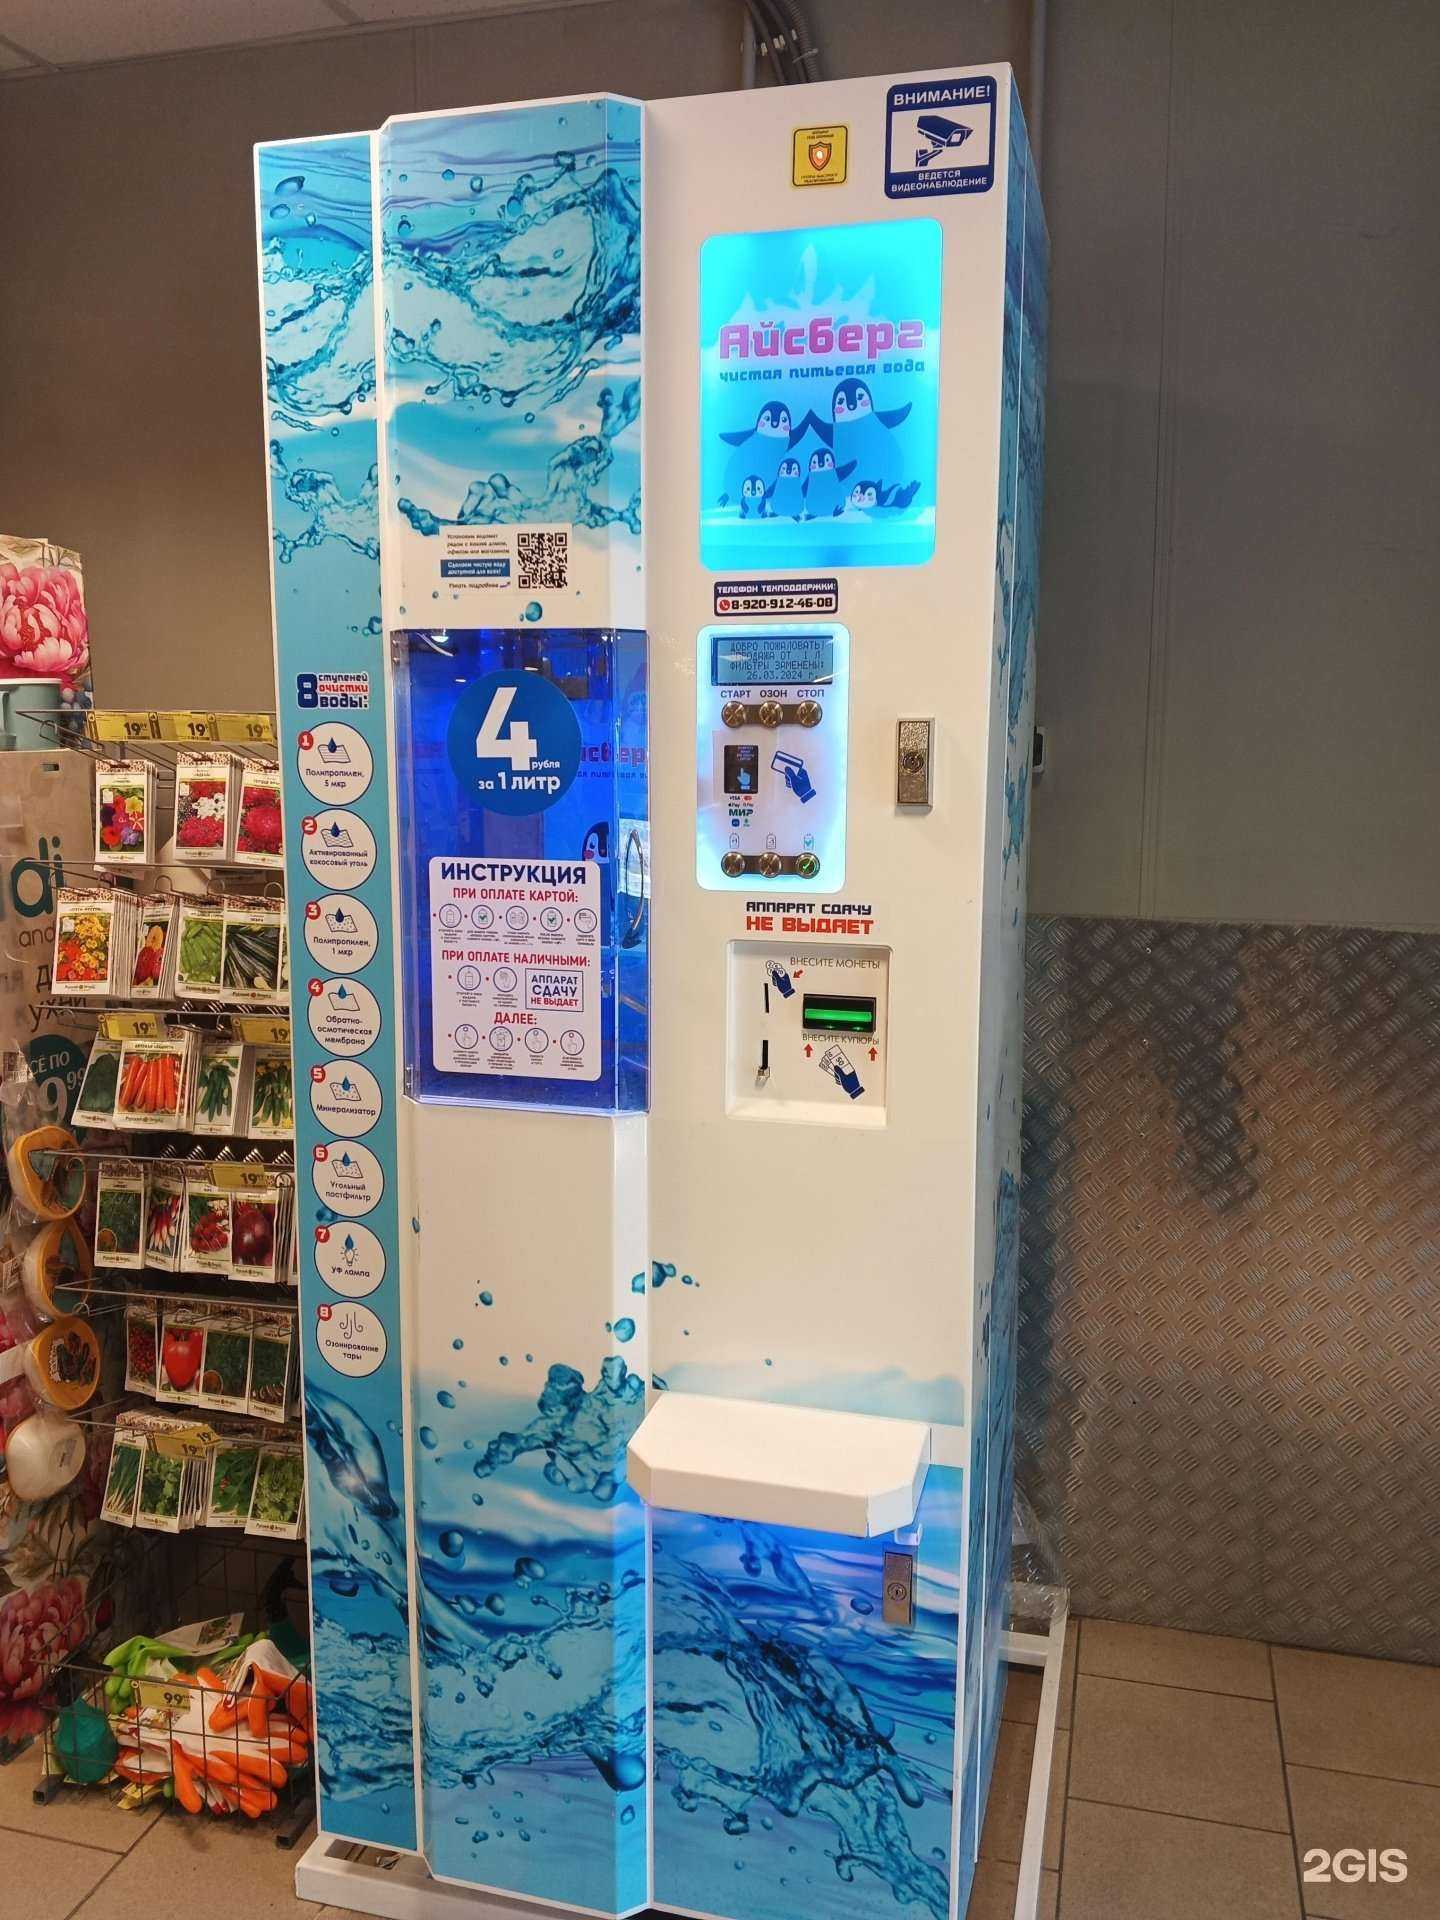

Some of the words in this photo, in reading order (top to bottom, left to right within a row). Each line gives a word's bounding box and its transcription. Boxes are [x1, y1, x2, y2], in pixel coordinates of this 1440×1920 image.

[893, 85, 990, 106] ВНИМАНИЕ!
[918, 169, 961, 181] ВЕДЕТСЯ
[891, 177, 987, 192] ВИДЕОНАБЛЮДЕНИЕ
[718, 317, 924, 360] Айсберг
[719, 368, 783, 383] чистая
[789, 362, 876, 379] питьевая
[883, 359, 926, 374] вода
[717, 585, 759, 594] ТЕЛЕФОН
[730, 641, 758, 651] ДОБРО
[780, 651, 791, 660] ОТ
[729, 661, 770, 671] ФИЛЬТРЫ
[747, 670, 802, 681] 26.03.2024
[297, 673, 318, 708] 8
[318, 672, 368, 684] ступеней
[319, 683, 369, 693] очистки
[720, 689, 751, 699] СТАРТ
[760, 689, 788, 698] ОЗОН
[797, 688, 825, 698] СТОП
[319, 692, 368, 709] воды:
[123, 722, 141, 736] 19
[187, 722, 206, 737] 19
[246, 723, 264, 737] 19
[476, 687, 538, 771] 4
[301, 734, 310, 746] 1
[532, 760, 560, 770] рубля
[331, 780, 346, 789] мкр
[478, 779, 494, 790] за
[498, 772, 507, 790] 1
[511, 775, 561, 794] литр
[728, 808, 754, 817] МИР
[303, 819, 314, 832] 2
[309, 849, 368, 858] Активированный
[309, 859, 348, 867] кокосовый
[349, 860, 368, 868] уголь
[441, 862, 586, 887] ИНСТРУКЦИЯ
[453, 887, 476, 899] ПРИ
[480, 888, 525, 901] ОПЛАТЕ
[529, 889, 578, 903] КАРТОЙ:
[308, 904, 318, 917] 3
[746, 901, 815, 914] АППАРАТ
[821, 903, 872, 915] СДАЧУ
[746, 916, 774, 931] НЕ
[782, 917, 874, 935] ВЫДАЕТ
[313, 936, 371, 947] Полипропилен,
[338, 948, 353, 957] мкр
[441, 949, 464, 961] ПРИ
[467, 950, 510, 963] ОПЛАТЕ
[513, 953, 591, 967] НАЛИЧНЫМИ:
[790, 957, 833, 968] ВНЕСИТЕ
[835, 958, 880, 969] МОНЕТЫ
[531, 974, 578, 985] АППАРАТ
[310, 980, 320, 993] 4
[532, 984, 577, 998] СДАЧУ
[530, 997, 542, 1005] НЕ
[543, 998, 579, 1007] ВЫДАЕТ
[325, 1015, 363, 1025] Обратно-
[493, 1012, 538, 1025] ДАЛЕЕ:
[132, 1022, 150, 1035] 19
[271, 1028, 288, 1041] 19
[317, 1026, 372, 1036] осмотическая
[325, 1036, 366, 1046] мембрана
[802, 1032, 840, 1042] ВНЕСИТЕ
[841, 1035, 880, 1045] КУПЮРЫ
[313, 1068, 323, 1080] 5
[317, 1103, 376, 1117] Минерализатор
[315, 1147, 325, 1159] 6
[240, 1172, 258, 1185] 19
[330, 1181, 366, 1191] Угольный
[325, 1191, 371, 1202] постфильтр
[318, 1228, 327, 1240] 7
[331, 1266, 343, 1274] УФ
[344, 1269, 370, 1278] лампа
[320, 1306, 329, 1318] 8
[325, 1339, 379, 1352] Озонирование
[343, 1352, 362, 1360] тары
[164, 1692, 183, 1706] 99
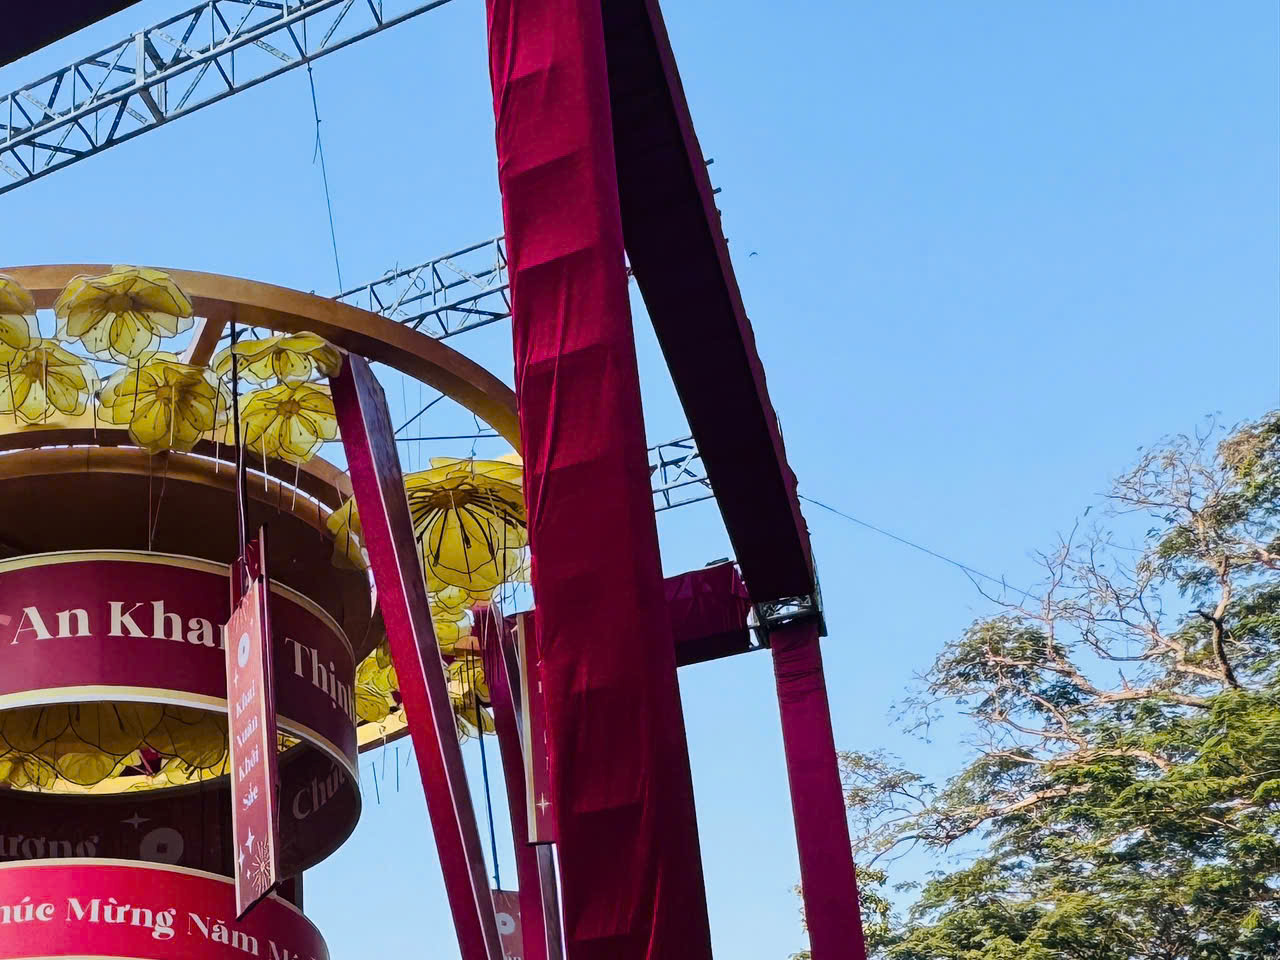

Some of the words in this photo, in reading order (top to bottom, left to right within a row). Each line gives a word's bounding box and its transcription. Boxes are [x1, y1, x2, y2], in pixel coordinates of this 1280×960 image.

------------------------------------------------------------------------

Reproduce the listing verbatim, pictures excluded.

Solution to the problem:
Some of the words in this photo, in reading order (top to bottom, left to right within a row). Each line gives a word's bounding box and its transcription. Boxes are [x1, y1, x2, y2], in pixel coordinates of this 1440×1920 image.

[893, 85, 990, 106] ВНИМАНИЕ!
[918, 169, 961, 181] ВЕДЕТСЯ
[891, 177, 987, 192] ВИДЕОНАБЛЮДЕНИЕ
[718, 317, 924, 360] Айсберг
[719, 368, 783, 383] чистая
[789, 362, 876, 379] питьевая
[883, 359, 926, 374] вода
[717, 585, 759, 594] ТЕЛЕФОН
[730, 641, 758, 651] ДОБРО
[780, 651, 791, 660] ОТ
[729, 661, 770, 671] ФИЛЬТРЫ
[747, 670, 802, 681] 26.03.2024
[297, 673, 318, 708] 8
[318, 672, 368, 684] ступеней
[319, 683, 369, 693] очистки
[720, 689, 751, 699] СТАРТ
[760, 689, 788, 698] ОЗОН
[797, 688, 825, 698] СТОП
[319, 692, 368, 709] воды:
[123, 722, 141, 736] 19
[187, 722, 206, 737] 19
[246, 723, 264, 737] 19
[476, 687, 538, 771] 4
[301, 734, 310, 746] 1
[532, 760, 560, 770] рубля
[331, 780, 346, 789] мкр
[478, 779, 494, 790] за
[498, 772, 507, 790] 1
[511, 775, 561, 794] литр
[728, 808, 754, 817] МИР
[303, 819, 314, 832] 2
[309, 849, 368, 858] Активированный
[309, 859, 348, 867] кокосовый
[349, 860, 368, 868] уголь
[441, 862, 586, 887] ИНСТРУКЦИЯ
[453, 887, 476, 899] ПРИ
[480, 888, 525, 901] ОПЛАТЕ
[529, 889, 578, 903] КАРТОЙ:
[308, 904, 318, 917] 3
[746, 901, 815, 914] АППАРАТ
[821, 903, 872, 915] СДАЧУ
[746, 916, 774, 931] НЕ
[782, 917, 874, 935] ВЫДАЕТ
[313, 936, 371, 947] Полипропилен,
[338, 948, 353, 957] мкр
[441, 949, 464, 961] ПРИ
[467, 950, 510, 963] ОПЛАТЕ
[513, 953, 591, 967] НАЛИЧНЫМИ:
[790, 957, 833, 968] ВНЕСИТЕ
[835, 958, 880, 969] МОНЕТЫ
[531, 974, 578, 985] АППАРАТ
[310, 980, 320, 993] 4
[532, 984, 577, 998] СДАЧУ
[530, 997, 542, 1005] НЕ
[543, 998, 579, 1007] ВЫДАЕТ
[325, 1015, 363, 1025] Обратно-
[493, 1012, 538, 1025] ДАЛЕЕ:
[132, 1022, 150, 1035] 19
[271, 1028, 288, 1041] 19
[317, 1026, 372, 1036] осмотическая
[325, 1036, 366, 1046] мембрана
[802, 1032, 840, 1042] ВНЕСИТЕ
[841, 1035, 880, 1045] КУПЮРЫ
[313, 1068, 323, 1080] 5
[317, 1103, 376, 1117] Минерализатор
[315, 1147, 325, 1159] 6
[240, 1172, 258, 1185] 19
[330, 1181, 366, 1191] Угольный
[325, 1191, 371, 1202] постфильтр
[318, 1228, 327, 1240] 7
[331, 1266, 343, 1274] УФ
[344, 1269, 370, 1278] лампа
[320, 1306, 329, 1318] 8
[325, 1339, 379, 1352] Озонирование
[343, 1352, 362, 1360] тары
[164, 1692, 183, 1706] 99

Some of the words in this photo, in reading order (top to bottom, left to right within a row). Each line gives a word's bounding box and its transcription. Boxes are [x1, y1, x2, y2], in pixel coordinates of this 1280×960 image.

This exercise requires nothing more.